Images for object localization
___

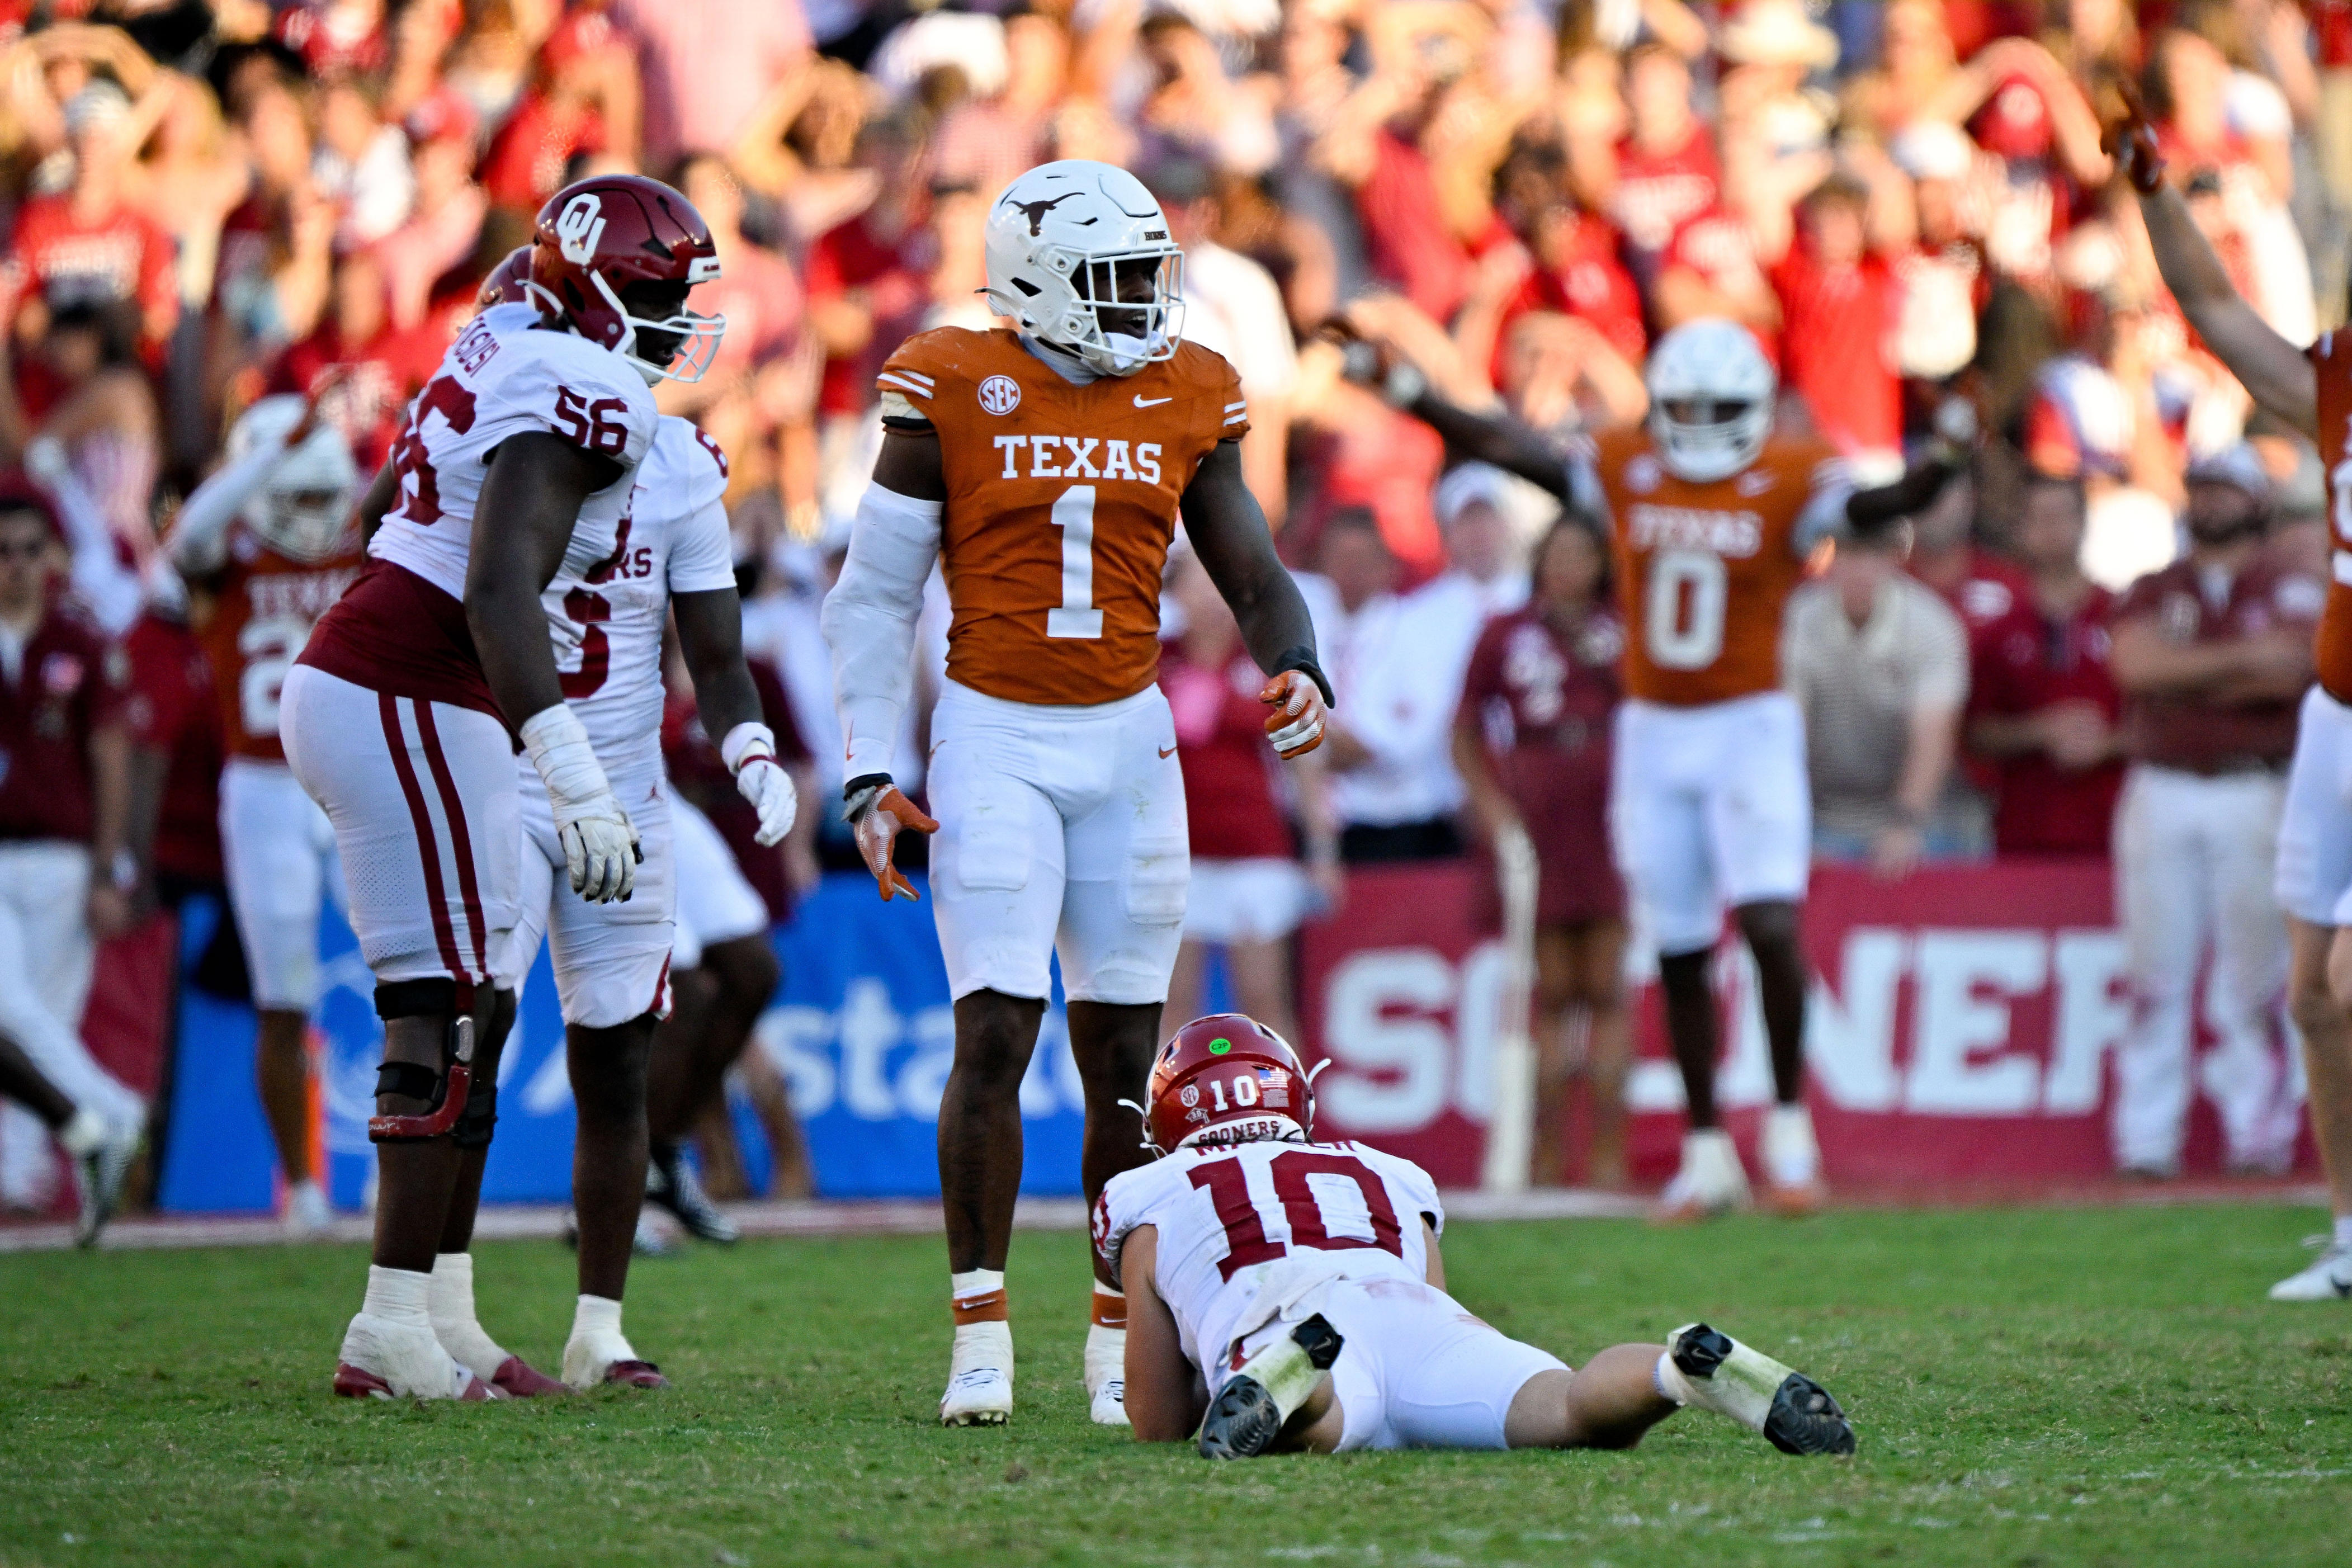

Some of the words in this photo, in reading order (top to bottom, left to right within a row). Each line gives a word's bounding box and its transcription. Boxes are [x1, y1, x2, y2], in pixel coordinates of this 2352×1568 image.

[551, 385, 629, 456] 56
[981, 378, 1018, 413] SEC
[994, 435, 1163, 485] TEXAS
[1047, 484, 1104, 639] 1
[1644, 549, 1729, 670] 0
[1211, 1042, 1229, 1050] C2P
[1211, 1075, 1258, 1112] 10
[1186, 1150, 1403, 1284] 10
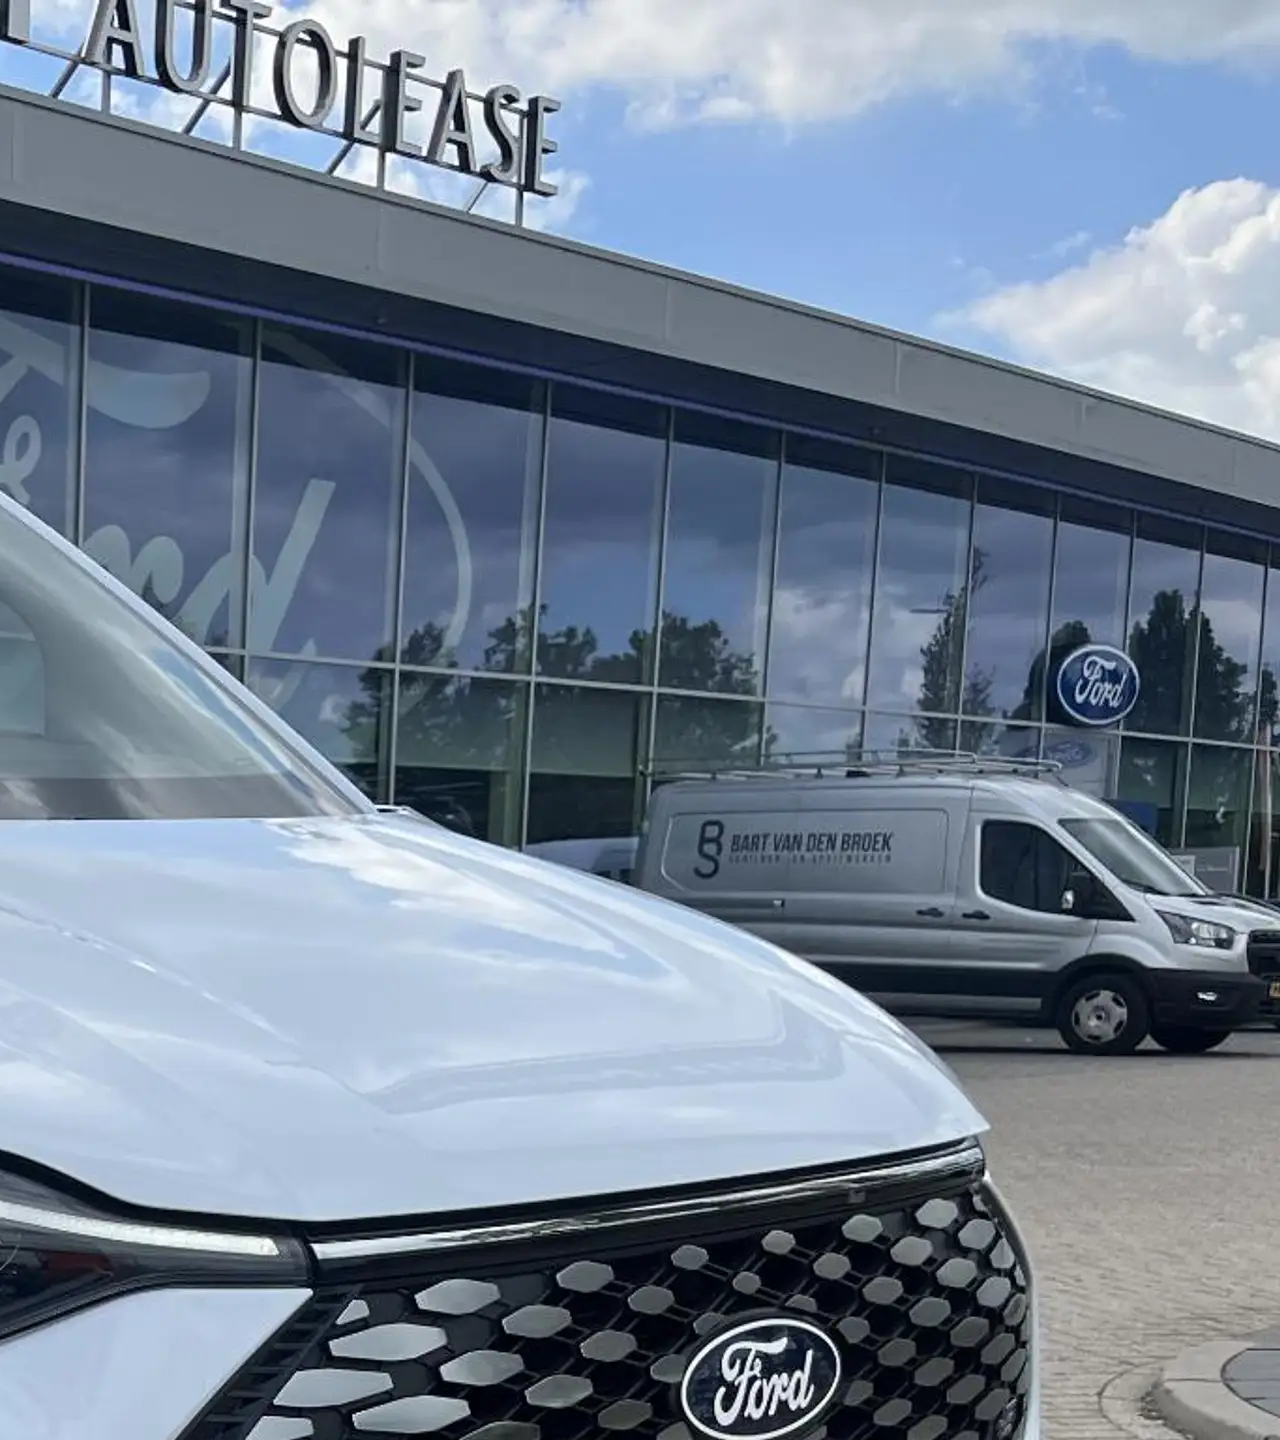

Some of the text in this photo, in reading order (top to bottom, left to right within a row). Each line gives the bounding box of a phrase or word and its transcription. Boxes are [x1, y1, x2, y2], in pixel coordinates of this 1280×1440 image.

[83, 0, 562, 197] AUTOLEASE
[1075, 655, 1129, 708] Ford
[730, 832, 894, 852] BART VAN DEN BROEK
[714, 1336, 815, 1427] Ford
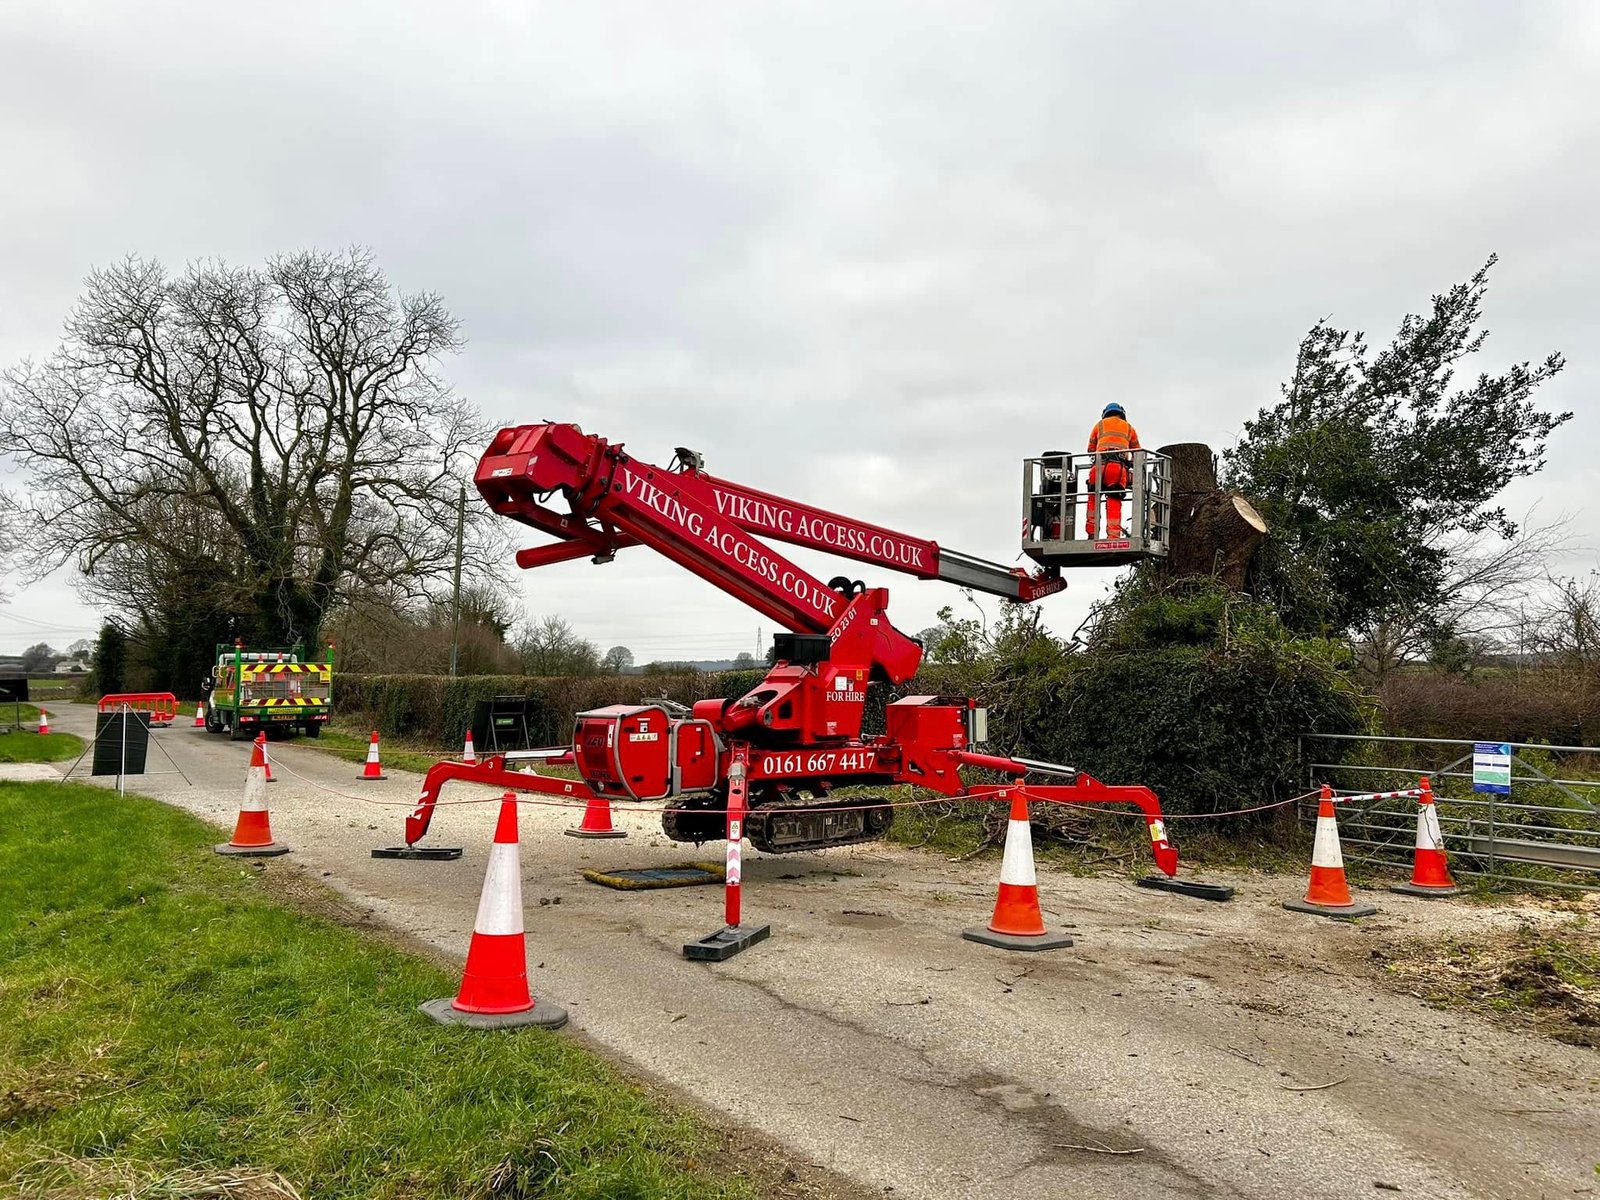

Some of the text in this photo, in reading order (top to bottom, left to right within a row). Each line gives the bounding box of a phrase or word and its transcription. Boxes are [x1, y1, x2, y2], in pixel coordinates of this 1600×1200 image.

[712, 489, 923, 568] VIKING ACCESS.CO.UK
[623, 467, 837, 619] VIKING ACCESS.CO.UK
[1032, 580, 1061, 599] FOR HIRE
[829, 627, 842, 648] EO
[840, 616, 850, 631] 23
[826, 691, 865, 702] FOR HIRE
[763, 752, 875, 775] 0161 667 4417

___

After removing the pictures, repeat the remaining records exactly.

### THE COMPLETED TASK
Some of the words in this photo, in reading order (top to bottom, left to right within a row). Each line gives a word's bounding box and its transcription. Boxes are [x1, y1, x2, y2], in pixel coordinates of this 2352×1568 image.

[551, 385, 629, 456] 56
[981, 378, 1018, 413] SEC
[994, 435, 1163, 485] TEXAS
[1047, 484, 1104, 639] 1
[1644, 549, 1729, 670] 0
[1211, 1042, 1229, 1050] C2P
[1211, 1075, 1258, 1112] 10
[1186, 1150, 1403, 1284] 10

Some of the text in this photo, in reading order (top to bottom, left to right within a row). Each line gives the bounding box of a phrase or word and its transcription. Boxes are [x1, y1, x2, y2], in pixel coordinates of this 1280×1440 image.

[83, 0, 562, 197] AUTOLEASE
[1075, 655, 1129, 708] Ford
[730, 832, 894, 852] BART VAN DEN BROEK
[714, 1336, 815, 1427] Ford

Some of the text in this photo, in reading order (top to bottom, left to right within a row). Each line gives the bounding box of a phrase or word and its transcription. Boxes are [x1, y1, x2, y2], in pixel coordinates of this 1600×1200 image.

[712, 489, 923, 568] VIKING ACCESS.CO.UK
[623, 467, 837, 619] VIKING ACCESS.CO.UK
[1032, 580, 1061, 599] FOR HIRE
[829, 627, 842, 648] EO
[840, 616, 850, 631] 23
[826, 691, 865, 702] FOR HIRE
[763, 752, 875, 775] 0161 667 4417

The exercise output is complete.